If this post is successful I will post weekly weigh ins :) and hoping everyone else does! Trying to get into a gorgeous dress for my holiday in 3 months x


----------



## Mummyxofx2

I'm currently doin Michelle bridges 12 week body challenge. In 3 weeks I have lost 2.8kgs I'm hoping to lose another 7-9 in the next 9 weeks I the program.


----------



## wemustntpanic

Hiya
I've started thinking about losing weight lol just going to portion control and cur calories for now.

How are you going to go about it? I lost 2 stone in a year ready for my wedding last year and want to lose about the same again, give or take a baby or two ;-)


----------



## lauren1991

I'm gonna cut down. Right now my kitchen is like a building site so me and my hubby have been living off McDonald's. 

I'm currently about 15stone 9lbs so I'm really overweight. 

So eat healthier and longer walks with the buggy :) ideally I want to loose a fair bit. 

I managed to loose 2 stone in 4 months but that was seriously unhealthy, I split with my first love and just couldn't eat, I looked great mind u lol!


----------



## Jadie

I'm so in! I've started a healthy eating diet yesterday... Not going too bad so far! :) I'm excited to loose the baby weight. I've got about 7kg to lose. :)


----------



## hopeful4bfp

I wish, I just dont gave the willpower... like now i just ate loads... more than i care to admit to even myself... I need to loose about 80lbs... i would go walk the park but its still sooo hot out and we never cook so its constantly drive thru. I'm sure if i just cooked more at home and walked a little I would be better off, but I just cant seem to do it.


----------



## Athena

I'm starting slimming world on Thursday I have about 2 stone to lose I have just been so hungry since having LO with zero will power it it's getting to me now and I must do something about it! Good luck everyone :)


----------



## lauren1991

Day 1 for me :)
Me & my son are going shopping to a place that's filled with fast food. Lets see if I crumble lol! 

Providing it doesn't rain (I live in Scotland) I'm taking him to the park. 

My father in law reversed over my petite star ZIA 2 couple of days ago but he bought me. Britax b mobile 4 but it doesn't come with a raincover! In my opinion if u sell to the UK it should come with a bloody raincover! So I should be running about avoiding rain today haha x


----------



## iwantabub

Ill join!

I wanna fit in my wedding dress for my renewal of vows ...

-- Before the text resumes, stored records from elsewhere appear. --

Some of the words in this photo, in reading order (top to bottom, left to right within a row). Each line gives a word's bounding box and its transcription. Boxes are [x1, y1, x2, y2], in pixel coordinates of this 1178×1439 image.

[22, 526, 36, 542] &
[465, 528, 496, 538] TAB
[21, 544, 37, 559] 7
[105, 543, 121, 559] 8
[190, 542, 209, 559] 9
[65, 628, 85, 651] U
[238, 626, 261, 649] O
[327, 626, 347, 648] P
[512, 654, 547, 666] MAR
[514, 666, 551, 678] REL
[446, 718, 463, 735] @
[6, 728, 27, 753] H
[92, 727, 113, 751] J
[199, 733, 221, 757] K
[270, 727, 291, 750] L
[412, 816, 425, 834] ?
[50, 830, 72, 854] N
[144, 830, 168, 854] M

I'm going to the gym three times a week now and getting rid of all my junk food :)


----------



## lauren1991

iwantabub said:


> Ill join!
> 
> I wanna fit in my wedding dress for my renewal of vows ...
> 
> I'm going to the gym three times a week now and getting rid of all my junk food :)

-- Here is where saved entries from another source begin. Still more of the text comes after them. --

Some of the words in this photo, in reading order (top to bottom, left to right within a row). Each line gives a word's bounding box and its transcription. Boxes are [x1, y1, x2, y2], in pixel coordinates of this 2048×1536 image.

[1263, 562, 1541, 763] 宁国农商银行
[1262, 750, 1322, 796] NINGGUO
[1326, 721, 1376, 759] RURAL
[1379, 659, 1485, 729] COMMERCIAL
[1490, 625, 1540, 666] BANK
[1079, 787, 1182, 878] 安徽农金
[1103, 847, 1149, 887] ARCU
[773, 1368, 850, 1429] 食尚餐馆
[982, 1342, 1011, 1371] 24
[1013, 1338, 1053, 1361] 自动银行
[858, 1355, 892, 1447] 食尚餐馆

Aw that's lovely! I would love to renew our vows in about 5-10 years. We only got married in April.but it was a tiny wedding due to his bitch of a sister in law ;) x


----------



## randomrach

I'd love to join you in 5 months time. 

A friend of mine is eating nothing but weetabix (gross!) and has lost 7lb in 1 week :O I don't think I could do that though.


----------



## xxVickyxx

I have currently lost all of my baby weight thanks to a site called weight loss resources, I joined and pay £9.95 per month fee but I think its soo worth it as I would pay more doing slimming world or weight watchers. Its a calorie counting website and I always thought I'd struggle with calorie counting but I must admit I absolutely love it. You put ur height and weight in and how much u want to lose per week up too 2lb and it tells u exactly how many calories u should be having per day to lose ur chosen amount, u do a weekly weigh in and it adjusts ur calories to ur weight. It also tells u your maintenance calories, how many u should b having to maintain ur weight. You have a daily food diary that u Input everything u eat so it works the calories out for u and if u exercise (I don't get time too with a 15 month old and a 4 month old) u earn extra calories. It's worth a look, I found reading the success stories helped me decide to join and also you can have a free 24 hour trial. I've got a stone to go to get to the weight I was when I met my DF and ideally I would like go lose 2 stone before my wedding in May. I've got every faith I can do it with weight loss resources, I just need to find the time to exercise also lol xx

Eta am currently 2lb lighter than my pre pregnancy weight, I had 2 baby's 10.5 months apart and also have fallen off the wagon for about 6 weeks inbetween, where I didn't put the weight back on, we also have a couple of takeaways a week (I know my bad lol) but I just try to count them as best I can. I put on around the 3 stone mark in both pregnancies. Xx


----------



## Charlie91

I'm 2 stone (28lb) heavier than I was pre- baby so would like to lose that and a little bit more. I just don't know where to start though as LO is BFing. We have our 6 week check tomorrow so will ask then before getting started :flower:


----------



## Bevziibubble

I had lost around 34 lbs but in the past few months I've gone right off track and put around 10 lbs back on. Wanting to get back on the healthy eating though :)


----------



## jogami

I'm in! I have 15kg more to lose! I've lost 7kg so feeling really happy and more comfortable :D I'm on MFP and I don't follow any fad diets I'm just eating healthily, cutting out bread, rice, sugar, unhealthy oils and if I eat protein I only eat it with veg etc, boiled egg only never fried. Just basic diet principals that make sense to me and so far its going great! 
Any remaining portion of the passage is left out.